In C++11 we can now do :
void dosomething( std::vector<Thing>& things )
{
for( Thing& thing : things )
{
dofoo( thing );
wiizzz( thing );
tadaa( thing );
}
}
I know that the addition and use of lambda is syntactic sugar but it provide interesting optimization opportunities.
What about the for loop? Is it only syntactic sugar or can the compiler optimize some cases that it couldn't or would be too hard to do with handwritten loop?
The compiler can do the following: create a separate version of the loop for each possible value of the variable operation . The transformation is called loop unswitching, because there is a different version of the loop for each value of the condition.
Range-for is as fast as possible since it caches the end iterator[citationprovided], uses pre-increment and only dereferences the iterator once. Then, yes, range-for may be slightly faster, since it's also easier to write there's no reason not to use it (when appropriate).
Usually pre-increment / pre-decrement is faster than post-increment/post-decrement, because post-<> require to save a temporal value for returning.

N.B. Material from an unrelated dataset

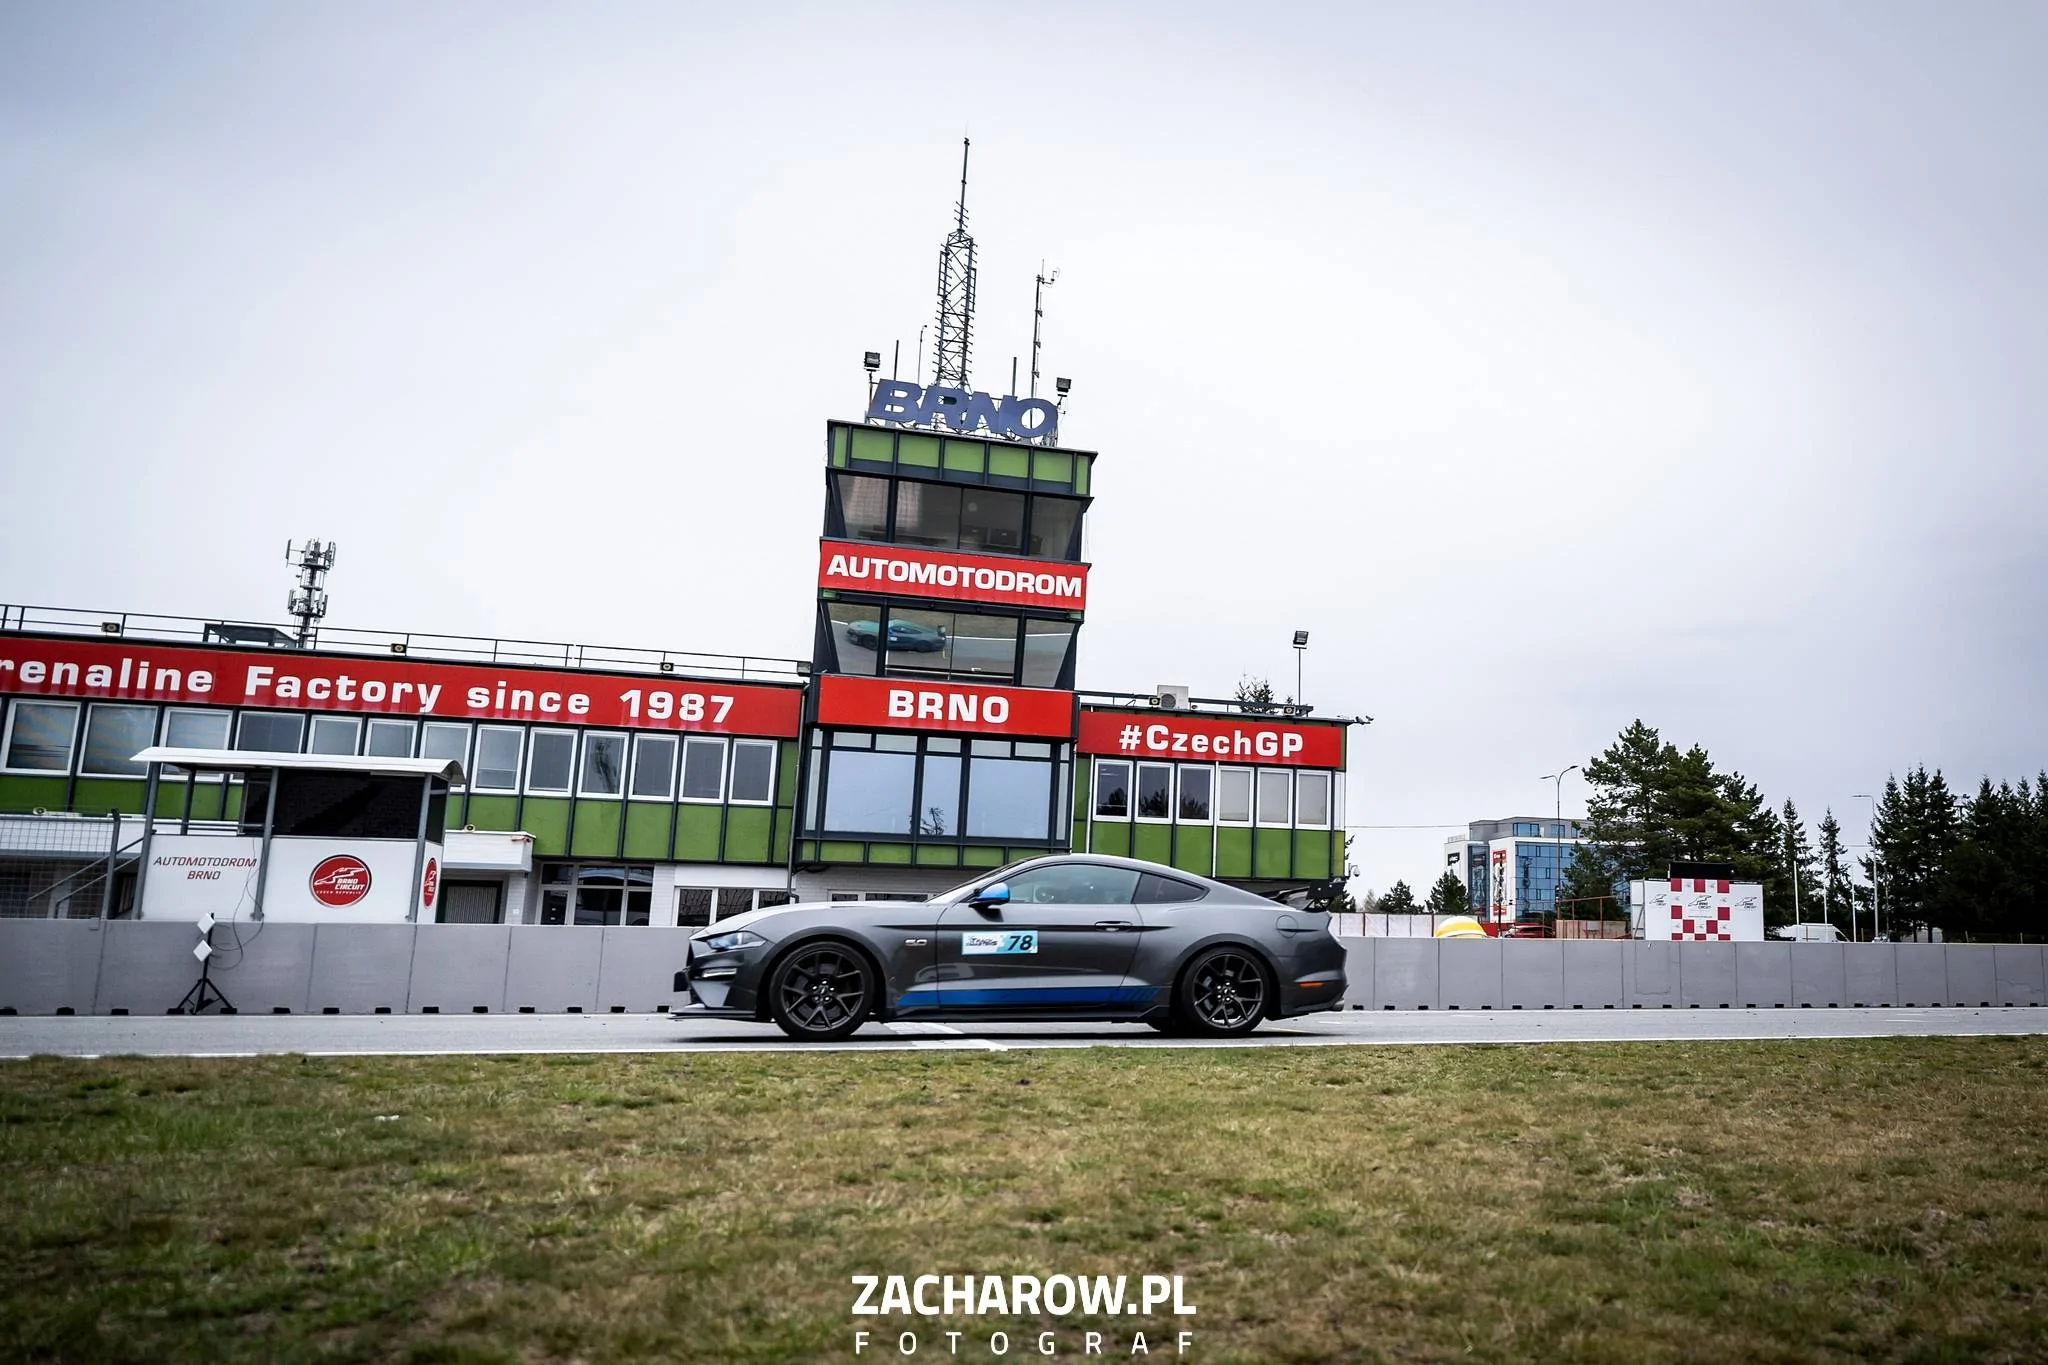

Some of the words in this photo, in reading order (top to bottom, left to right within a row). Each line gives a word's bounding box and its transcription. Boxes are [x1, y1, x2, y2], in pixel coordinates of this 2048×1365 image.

It's just a syntactic sugar since the standard says that it's equivalent to a loop with iterators [ Edit: this means it doesn't provide any additional information to the compiler compared to the equivalent for loop — end edit ]. You may get a better performance though since it's equivalent to:
for(auto iter = con.begin(), end = con.end(); iter != end; ++iter)
{
auto& ref = *iter;
// ...
}
while most people may write:
for(auto iter = con.begin(); iter != con.end(); iter++)
{
// use *iter directly
// ...
}
which may be slower if the con.end(), iter++ or *iter are not trivial.
[ Edit:
lambda is syntactic sugar
Not really. Unlike for loop it allows the compiler to capture the stack-frame base pointer directly, for variables captured by reference this saves one address indirection per each use, compared to a handcrafted function object. — end edit ]
Maybe, but probably not. It does eliminate the possible creating of an index/counter variable that won't be used. That's not required for a normal for loop either, but it's a lot more likely to happen just because it's what some people are accustomed to doing.
Realistically, it's unlikely to make any difference even from that though. I, at least, find it hard to imagine a compiler team so sophisticated that they have even the slightest aspiration toward supporting C++0x, that hasn't already handled the relatively trivial point of detecting and eliminating creating and incrementing a loop index that's never used.